A central element of the campaign, five top chefs from across the country joined forces with Whole Kids Foundation to host fundraising dinners in their respective cities. Participating chefs included Rick Bayless, winner of Top Chef Masters and Culinary Hall of Fame inductee, with Evan Robinson, 12-year-old finalist on MasterChef Junior Season 5, Chicago; Tom Douglas, James Beard Award winner and expert in Pacific Northwest cuisine, Seattle; Kevin Fink, a 2016 Food & Wine Best New Chef winner and owner of Emmer & Rye, a Bon Appétit 2016 50 Best New Restaurants in America winner, Austin; Roberto Santibañez, chef and owner of Mi Vida in Washington D.C. and Fonda restaurants in NYC, with Susana Trilling, cookbook author, PBS-TV host, and a renowned authority on Oaxacan cuisine, Washington DC; and Stephen Stryjewski, winner of the 2012 James Beard Foundation Best Chef South and owner of Cochon, a Beard finalist for Best New Restaurant in 2007 and recently named one of the 20 most important restaurants in America by Bon Appétit, New Orleans.
“Pollinators are the secret superhero of the culinary world. Without them our world would be a much different place. They help reproduce just about every berry, nut, fruit and vegetable that we eat. Honey bees are the pollinator rockstars,” said Stryjewski. “Without them our food would be bland and boring. We need to teach our children about the importance of pollinators in our food system.”

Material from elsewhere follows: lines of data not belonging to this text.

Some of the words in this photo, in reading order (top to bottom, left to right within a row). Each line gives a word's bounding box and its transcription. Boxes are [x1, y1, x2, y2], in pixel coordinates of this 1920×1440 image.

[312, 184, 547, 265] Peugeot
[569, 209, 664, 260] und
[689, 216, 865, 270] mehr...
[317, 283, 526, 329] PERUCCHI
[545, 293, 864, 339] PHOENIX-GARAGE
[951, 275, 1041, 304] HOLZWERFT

Whole Foods Market, which established Whole Kids Foundation in 2011, added its support and helped engage its followers in the campaign with an Instagram “whiteout” and mysteriously “deleting” its archive of Instagram images, leaving just a few clues behind such as the bee emoji instead of a bio. The move showcased how important pollinators are for many of our favorite foods and that, without pollinators, these foods wouldn’t be available.
The initiative sparked a massive amount of conversation on social media and coverage by news media. Later, the brand shared fun videos showcasing favorite foods that rely on pollinators, educational facts about bees and encouraged their audience of 2.6 million Instagram followers to consider donating to the campaign online.

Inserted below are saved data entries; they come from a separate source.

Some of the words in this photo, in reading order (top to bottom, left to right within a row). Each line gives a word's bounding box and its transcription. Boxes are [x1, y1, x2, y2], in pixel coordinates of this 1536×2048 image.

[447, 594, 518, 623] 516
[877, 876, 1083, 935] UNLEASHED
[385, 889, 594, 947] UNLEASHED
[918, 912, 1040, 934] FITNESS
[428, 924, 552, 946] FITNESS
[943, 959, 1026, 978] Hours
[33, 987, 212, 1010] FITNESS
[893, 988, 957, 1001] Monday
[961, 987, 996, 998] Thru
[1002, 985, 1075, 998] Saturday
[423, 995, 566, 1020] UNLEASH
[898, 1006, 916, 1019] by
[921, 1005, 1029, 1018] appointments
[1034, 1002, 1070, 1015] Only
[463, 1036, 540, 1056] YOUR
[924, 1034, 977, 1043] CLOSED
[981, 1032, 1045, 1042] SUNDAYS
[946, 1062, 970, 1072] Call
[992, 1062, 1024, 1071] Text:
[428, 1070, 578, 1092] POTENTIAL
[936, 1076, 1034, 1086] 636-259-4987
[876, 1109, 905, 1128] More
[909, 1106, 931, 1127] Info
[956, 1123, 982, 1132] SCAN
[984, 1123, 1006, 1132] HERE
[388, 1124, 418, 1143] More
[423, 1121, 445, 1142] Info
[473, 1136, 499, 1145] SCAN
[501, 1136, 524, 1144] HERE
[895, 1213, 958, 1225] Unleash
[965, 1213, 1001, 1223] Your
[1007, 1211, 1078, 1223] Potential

Whole Foods Market covers all the foundation’s operational costs to allow 100 percent of every dollar donated to directly support Whole Kids Foundation programs, including the Bee Grant program.

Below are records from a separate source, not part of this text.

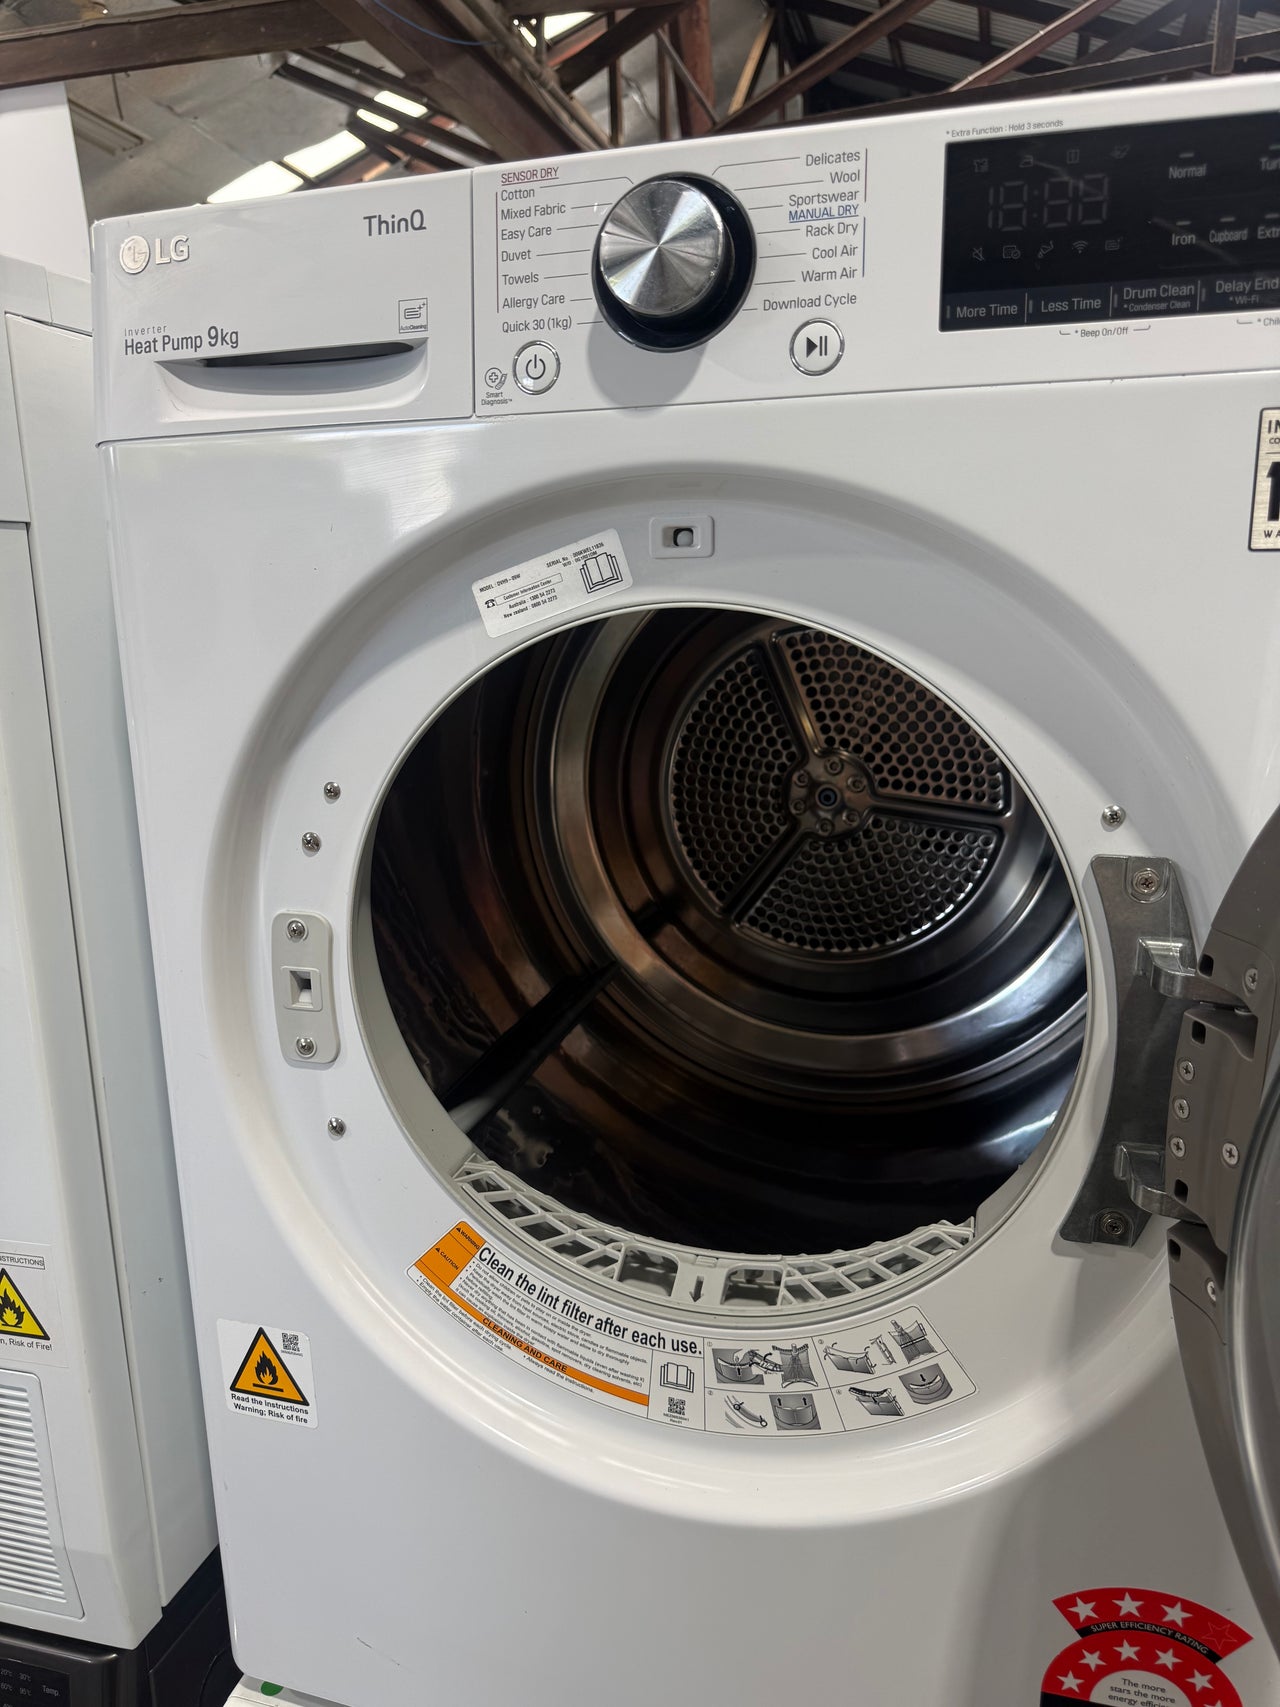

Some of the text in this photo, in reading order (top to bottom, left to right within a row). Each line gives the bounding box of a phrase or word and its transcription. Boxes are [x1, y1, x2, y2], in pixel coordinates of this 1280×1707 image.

[952, 128, 971, 138] Extra
[972, 125, 1003, 136] Function
[1008, 122, 1025, 133] Hold
[1027, 122, 1032, 130] 3
[1033, 119, 1064, 129] seconds
[806, 151, 860, 167] Delicates
[501, 167, 559, 184] SENSOR DRY
[830, 170, 860, 184] Wool
[1169, 164, 1207, 179] Normal
[501, 188, 535, 202] Cotton
[789, 190, 859, 209] Sportswear
[501, 203, 566, 221] Mixed Fabric
[789, 204, 859, 222] MANUAL DRY
[363, 209, 427, 236] ThinQ
[806, 222, 858, 238] Rack Dry
[501, 226, 552, 241] Easy Care
[1171, 233, 1196, 246] Iron
[1209, 229, 1249, 244] Cupboard
[155, 235, 190, 266] LG
[501, 249, 531, 262] Duvet
[812, 244, 858, 260] Cool Air
[502, 272, 539, 285] Towels
[801, 267, 857, 283] Warm Air
[1124, 284, 1195, 300] Drum Clean
[1216, 278, 1280, 294] Delay End
[503, 294, 565, 309] Allergy Care
[764, 293, 857, 311] Download Cycle
[1041, 298, 1102, 313] Less Time
[1129, 300, 1191, 313] Condenser Clean
[956, 303, 1018, 319] More Time
[125, 325, 167, 337] Inverter
[502, 316, 572, 334] Quick 30 (1kg)
[1080, 326, 1129, 339] Beep On/Off
[125, 326, 239, 356] Heat Pump 9kg
[479, 583, 494, 592] MODEL
[503, 578, 552, 600] Customer Information Center
[508, 599, 526, 609] Australia
[460, 1230, 480, 1250] WARNING
[440, 1252, 459, 1271] CAUTION
[479, 1247, 702, 1355] Clean the lint filter after each use.
[9, 1338, 25, 1347] Risk
[482, 1317, 568, 1372] CLEANING AND CARE
[231, 1394, 250, 1403] Read
[268, 1410, 285, 1419] Risk
[1091, 1621, 1209, 1654] SUPER EFFICIENCY RATING
[1122, 1678, 1166, 1693] The more
[1108, 1694, 1138, 1706] energy
[1110, 1686, 1176, 1703] stars the more
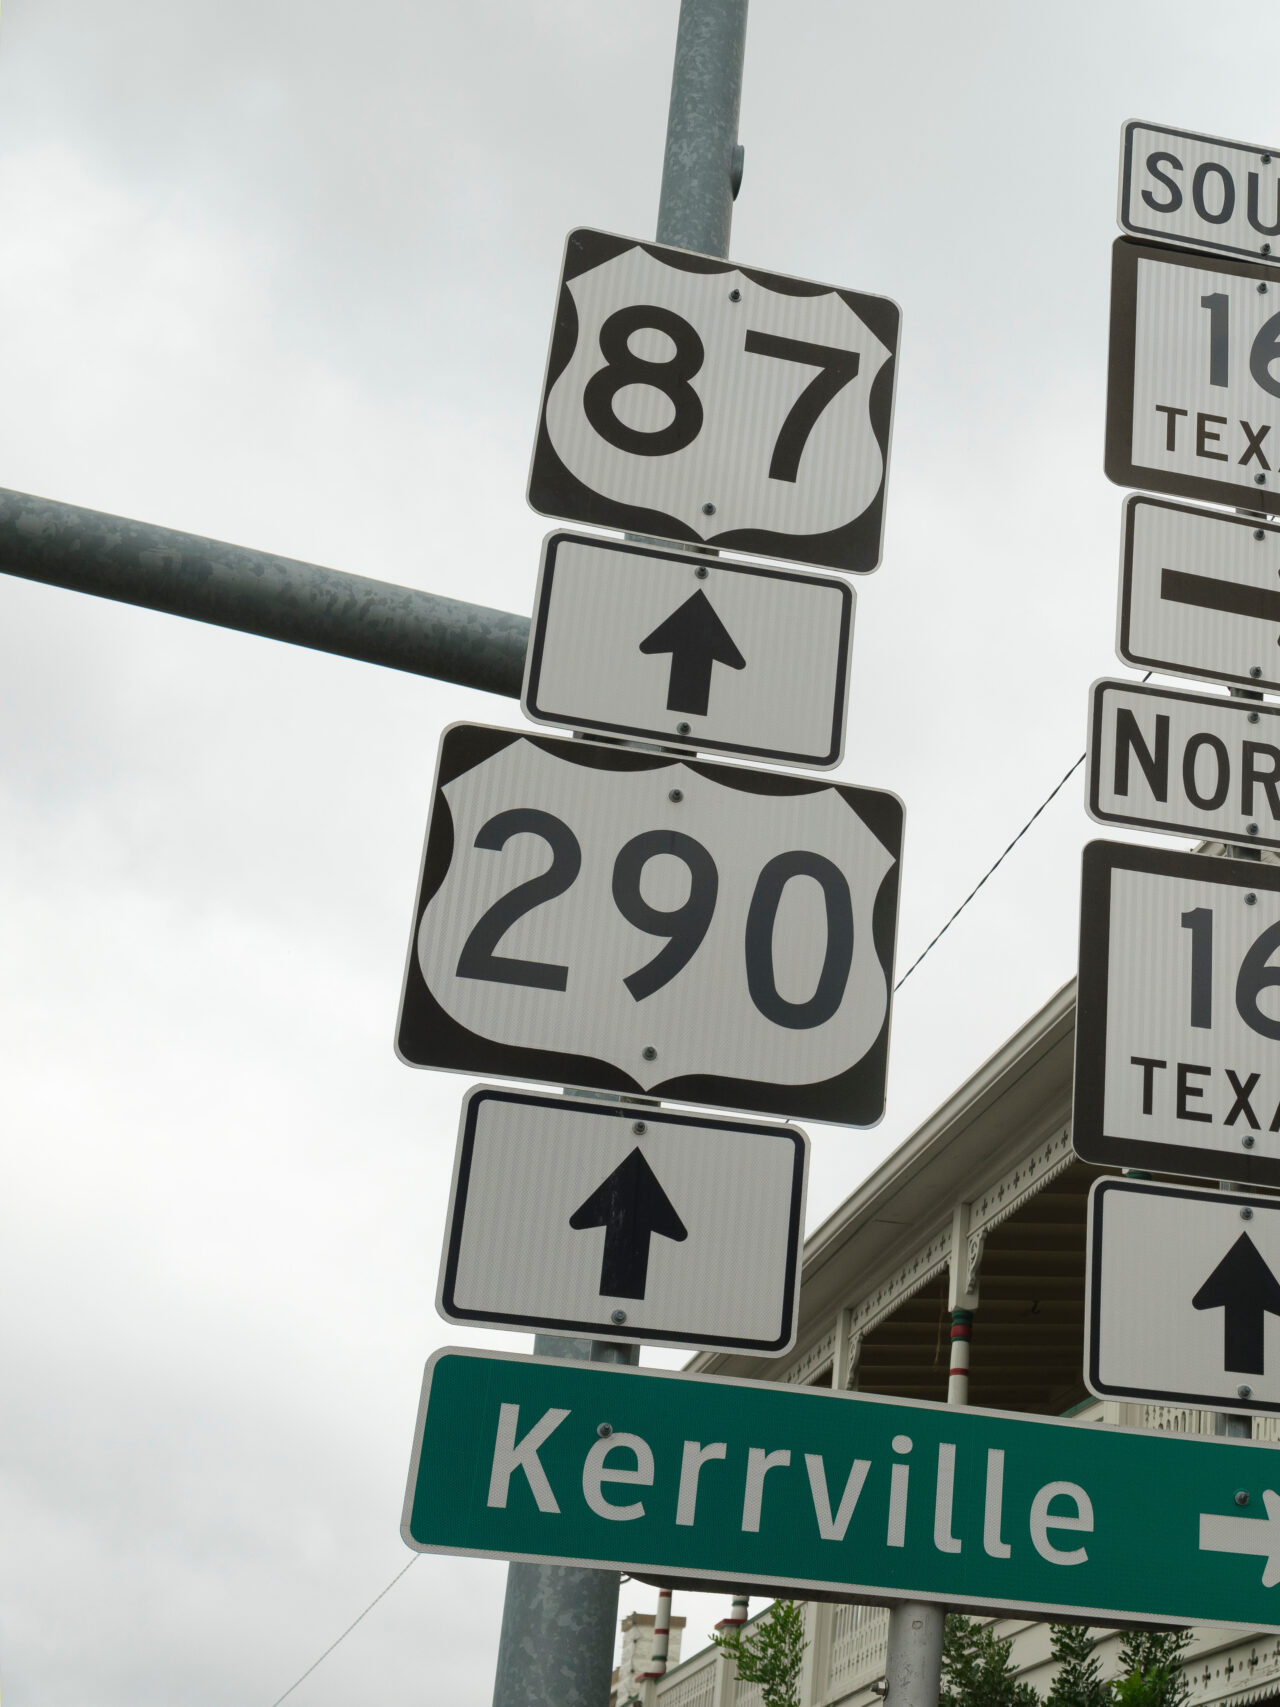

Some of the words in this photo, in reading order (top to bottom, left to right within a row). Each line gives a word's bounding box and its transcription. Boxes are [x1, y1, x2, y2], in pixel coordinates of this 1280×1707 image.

[583, 304, 860, 483] 87
[455, 808, 854, 1030] 290
[486, 1403, 1094, 1566] Kerrville

“We are so grateful to each of our chef partners, to our guests in each city who joined us at these incredible events, and to Wholesum Harvest and Cascadian Farm, our generous supplier partners who donated to this year’s Give Bees a Chance campaign,” said Nona Evans, president and executive director of Whole Kids Foundation. “We’ve had an overwhelming response from schools that want to participate in our Bee Grant program. These funds will provide schools with an important tool to teach kids respect for bees and other pollinators and about their vital role in nature and food production.”
Whole Kids Foundation’s Bee Grant program allows schools and non-profits to receive support for educational bee programs. All grant recipients receive consultation on safety and use of the hive from The Bee Cause Project and each recipient must have a ‘bee mentor,’ or a certified beekeeper that provides consultation and support. Application window for the 2019 Bee Grant program is September 1 – October 15, 2018.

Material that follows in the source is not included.